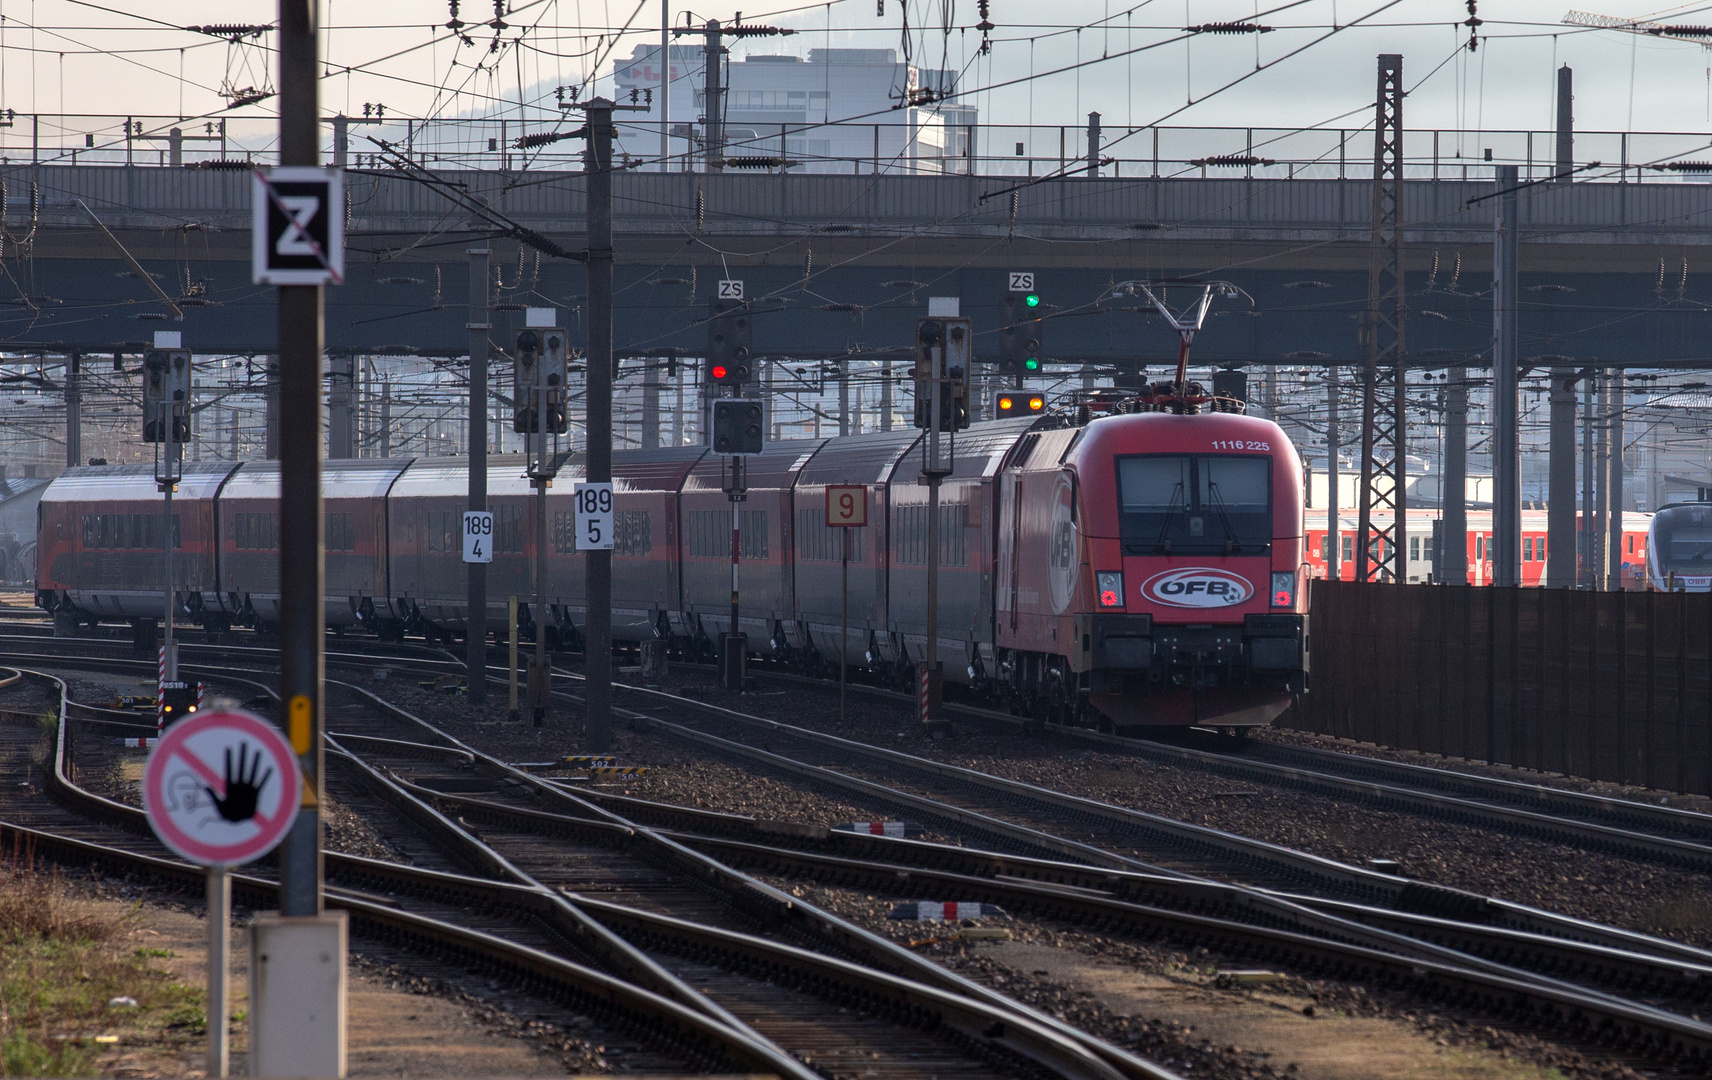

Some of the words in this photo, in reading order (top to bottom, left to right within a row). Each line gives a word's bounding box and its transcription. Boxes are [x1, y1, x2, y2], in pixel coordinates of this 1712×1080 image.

[276, 196, 320, 255] Z
[720, 283, 742, 296] ZS
[1011, 275, 1032, 288] ZS
[1212, 440, 1244, 450] 1116
[1246, 441, 1270, 451] 225
[575, 488, 612, 513] 189
[839, 493, 854, 519] 9
[465, 516, 492, 535] 189
[588, 519, 601, 543] 5
[472, 539, 482, 558] 4
[591, 760, 609, 768] 502
━━━━━━
• **What is being asked**: Repeat the preceding records precisely, and leave every picture out of the copy.

• **Answer space**:
Some of the words in this photo, in reading order (top to bottom, left to right within a row). Each line gives a word's bounding box and its transcription. Boxes are [x1, y1, x2, y2], in pixel coordinates of this 1712×1080 image.

[276, 196, 320, 255] Z
[720, 283, 742, 296] ZS
[1011, 275, 1032, 288] ZS
[1212, 440, 1244, 450] 1116
[1246, 441, 1270, 451] 225
[575, 488, 612, 513] 189
[839, 493, 854, 519] 9
[465, 516, 492, 535] 189
[588, 519, 601, 543] 5
[472, 539, 482, 558] 4
[591, 760, 609, 768] 502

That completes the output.